I wish more people thought that way. They did have some great pop songs in the sixties…. Although I always thought Nesmith was the most gifted…Dolenz had the best voice to me.
It’s so elaborate for a Monkees record. He sings it really well too. I wonder why it wasn’t on the album. But actually I like the Monkees better when they didn’t have control over their music. I like the first two albums better than the later ones, cuz somebody used to find more good songs for them to do. I think the later albums have fewer good ones on them, although the good ones are real good.
I only know some records from the middle era; I need to go back and hear the early ones.
That’s where all the biggest and best ones are. Steppin Stone, I’m a Believer, Last Train to Clarksville. All those ones.
I didn’t know this one. Love the Monkees (but I guess not that much since I don’t know this one)
It is a non album bside; so forgiven.
That’s a pretty cool tune I had not known and frankly not expected from the Monkees. This sounds quite different from songs like “Last Train to Clarksville”, “I’m a Believer” or “Pleasant Valley Sunday”. It’s got more of a soul and jazz vibe.
I probably need to go right through their discography sometime – or at least everything involving Nesmith. I’ve always liked them, but my latest dip into their discography has me a bit more enthused.
Headquarters was one of the more pleasant surprises from the 1001 list – I didn’t realize I was a Monkees fan!
I have that one but don’t know it very well – need to spend more time with it.

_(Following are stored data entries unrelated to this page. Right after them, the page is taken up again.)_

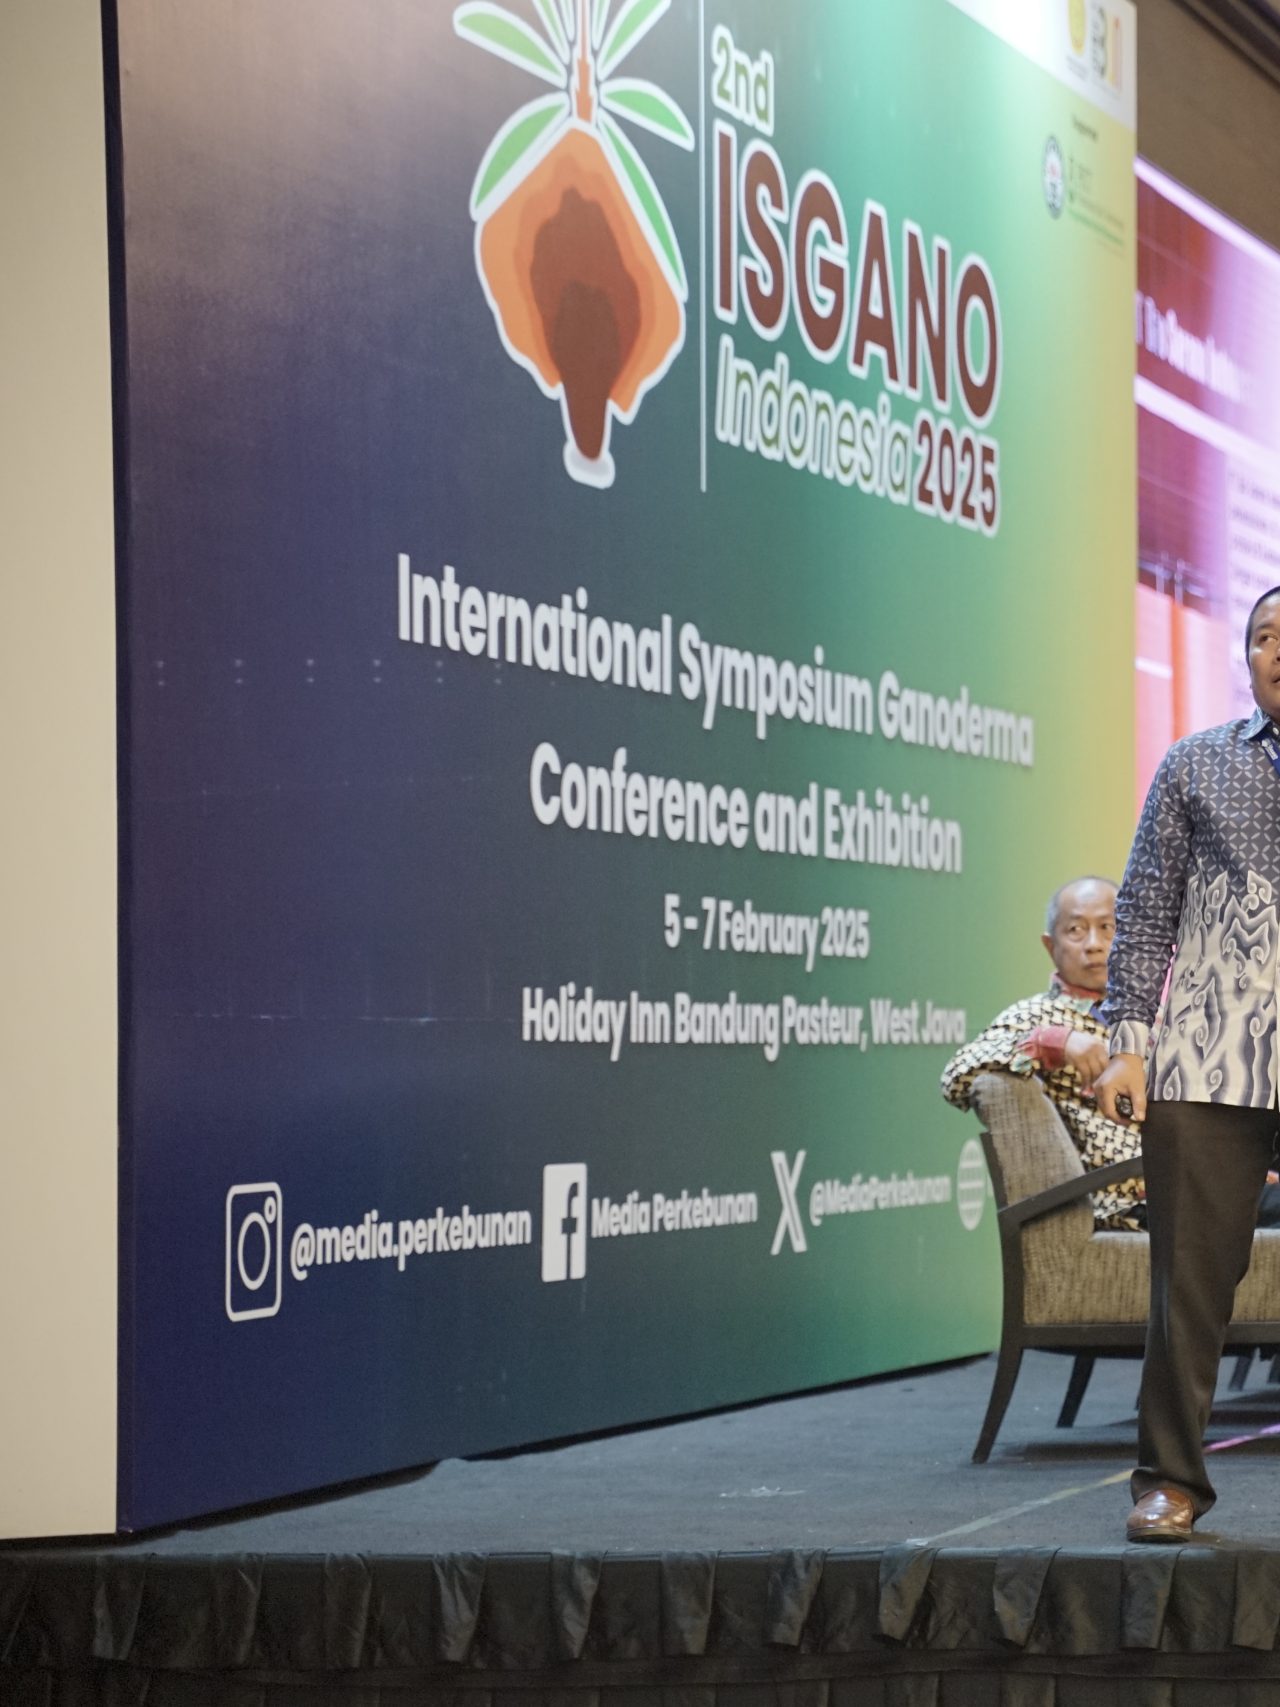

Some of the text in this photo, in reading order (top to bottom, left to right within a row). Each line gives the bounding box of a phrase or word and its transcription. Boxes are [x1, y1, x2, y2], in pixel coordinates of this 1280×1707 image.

[713, 24, 774, 135] 2nd
[714, 119, 1001, 428] ISGANO
[716, 335, 998, 537] Indonesia 2025
[398, 553, 1035, 767] International Symposium Ganoderma
[530, 742, 962, 874] Conference and Exhibition
[664, 893, 681, 948] 5
[702, 897, 716, 950] 7
[719, 900, 819, 973] February
[821, 907, 870, 958] 2025
[522, 982, 967, 1062] Holiday Inn Bandung Pasteur, West Java
[290, 1205, 532, 1281] @media.perkebunan
[591, 1188, 758, 1238] Media Perkebunan
[810, 1172, 951, 1226] @MediaPerkebunan
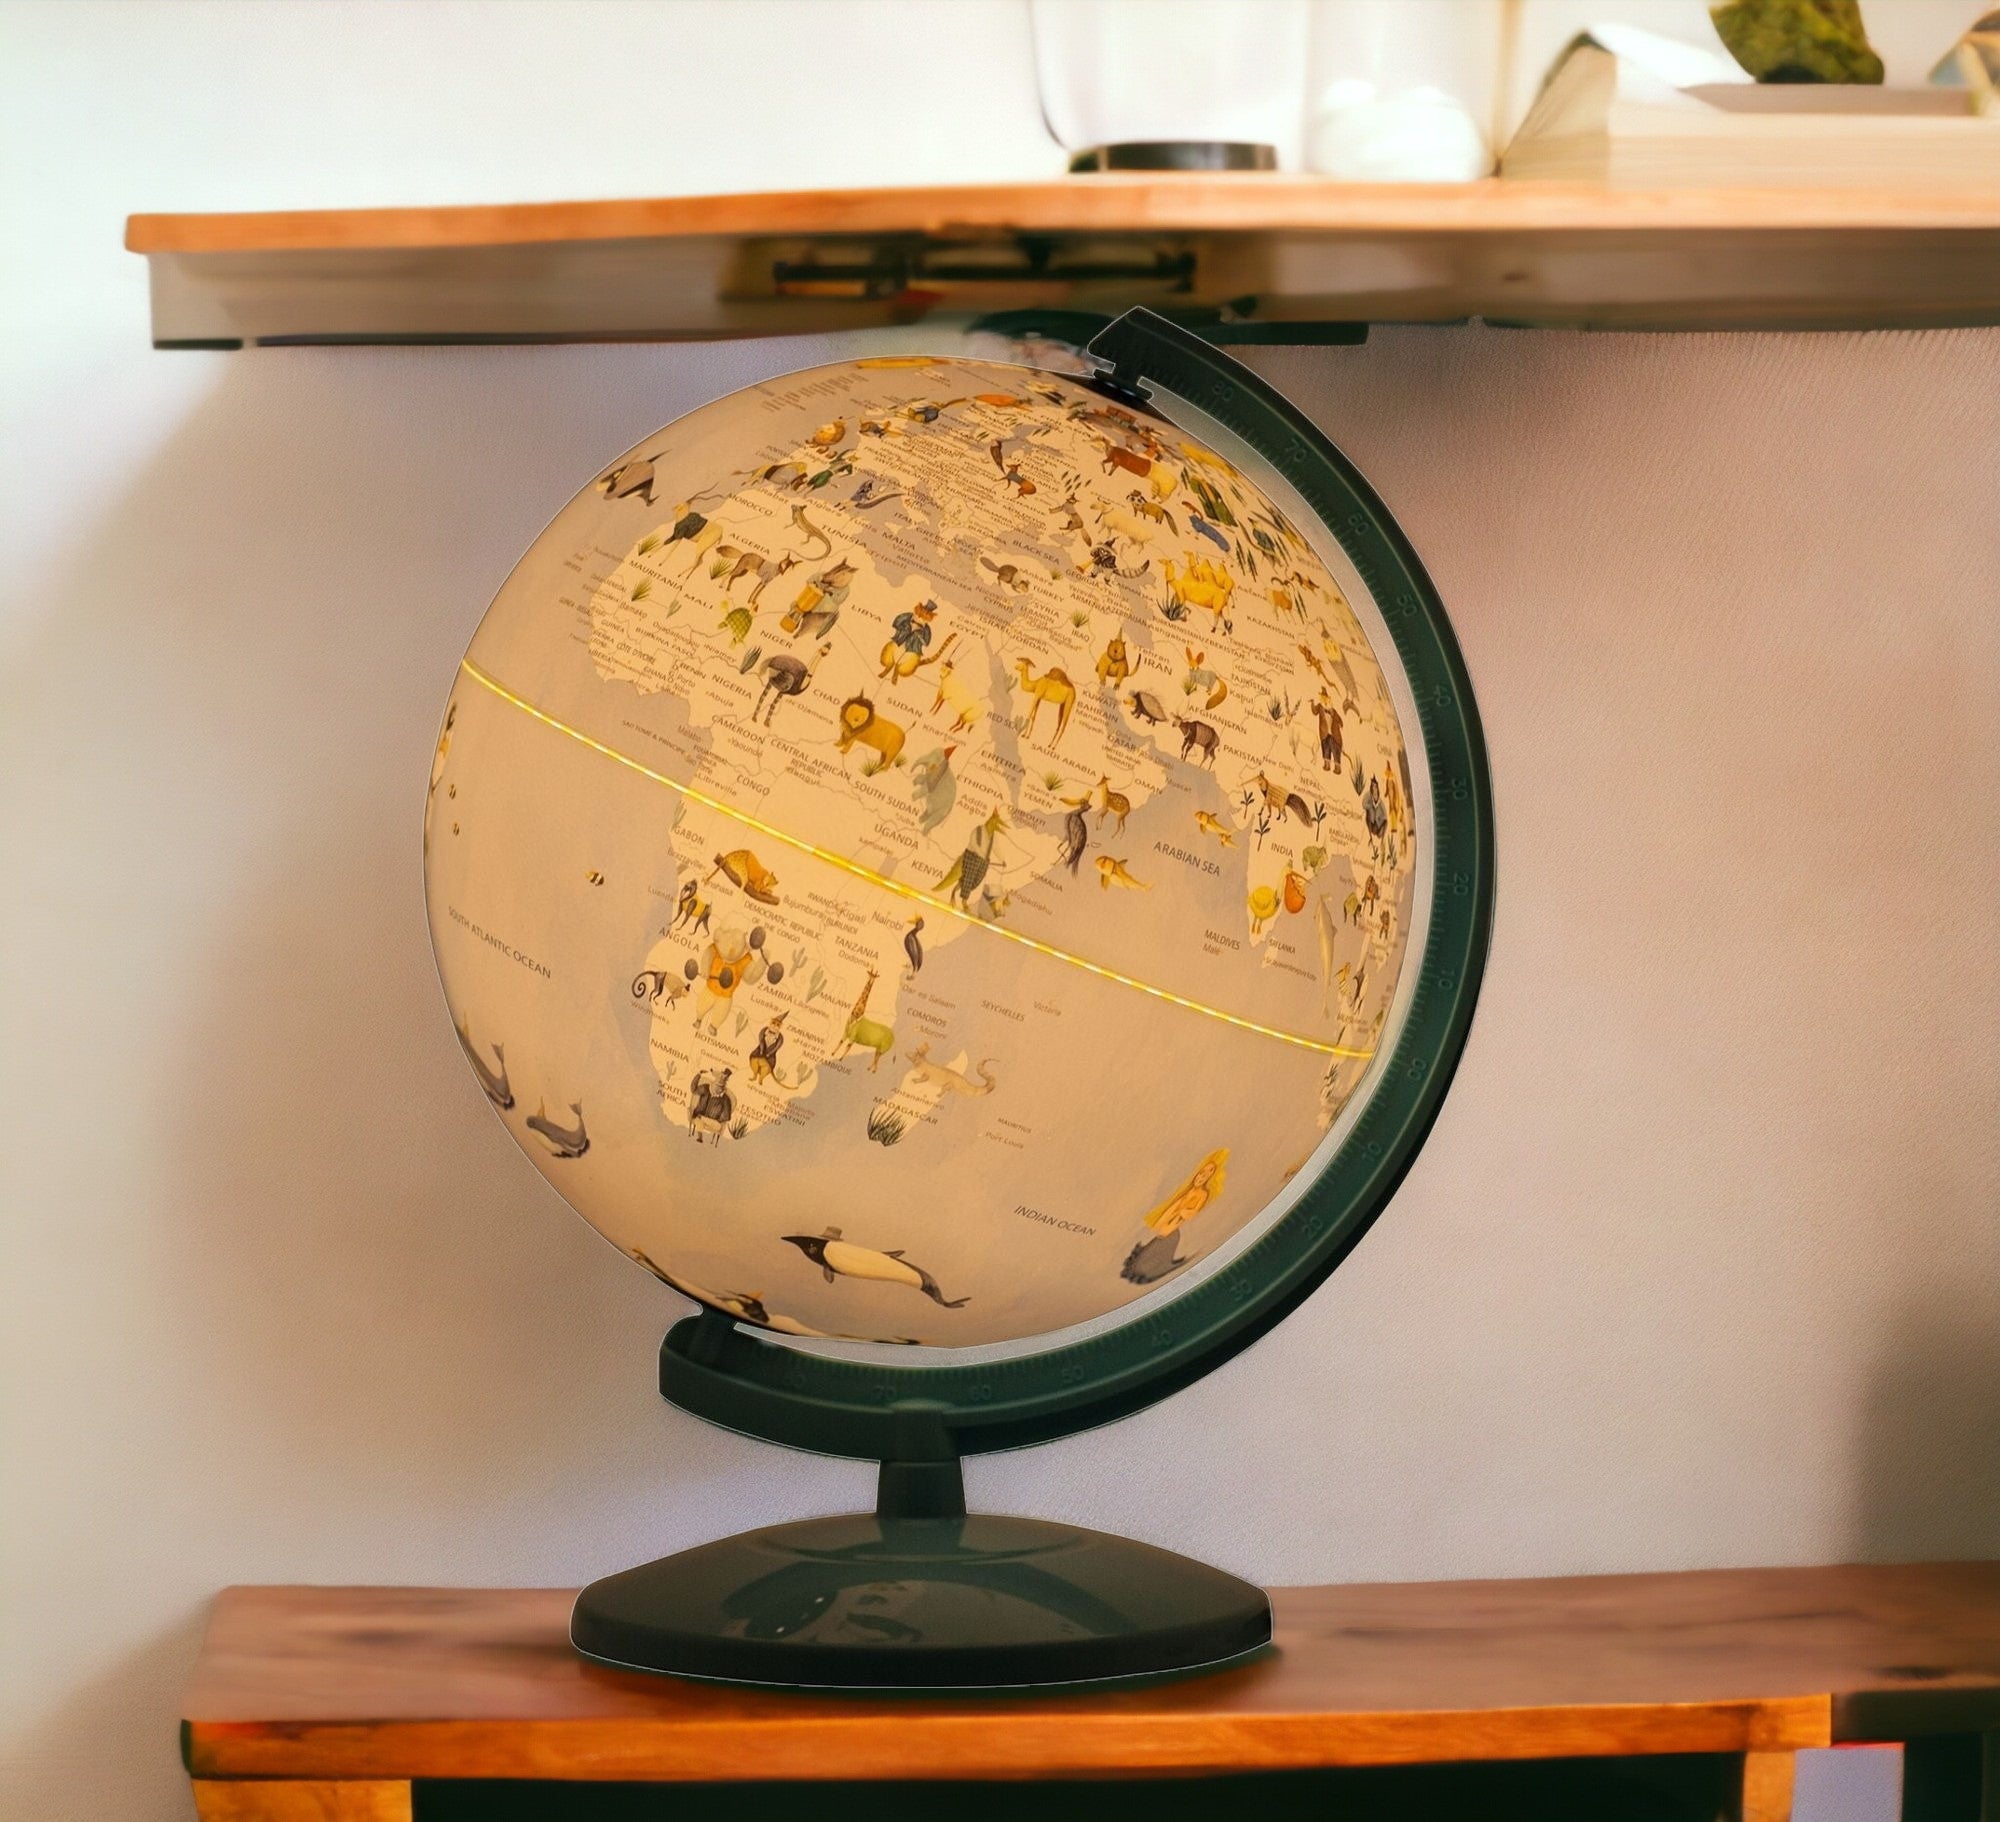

Not a bad single that, ‘Daydream Believer’ w/ ‘Goin’ Down’. A pretty cool sounding track. The Monkees from ‘Headquarters’ to ‘Head’ is a very interesting period for them as the material are intriguing and cool, with not only them being psychedelic but also their usual songwriters having to be with the times as well.
Thanks for mentioning it – o should have given you a shout out.
Interesting and unusual song for a band like The Monkees to have done, but it works. As others have previously noted, they were more talented than initially given credit for, and Mickey Dolenz was a fine singer.
Never heard it before, but it’s jazzy enough for me. How he sings that without tripping over the words is beyond me.
Yup, it’s pretty impressive – a lot of work for a non-album b-side, I reckon.
Maybe they recorded it thinking it wasn’t a b-side, you know? I mean if you’re in a studio recording, going into something knowing it’s filler sort of kills the vive, I’d say. It should all be singles!
I think there are some b-sides that are purposely silly throwaways, but you’re right that we should all be striving for excellence.
If you’re in the studio to make a record, and you don’t have ten solid songs ready to go, what are you doing in the studio?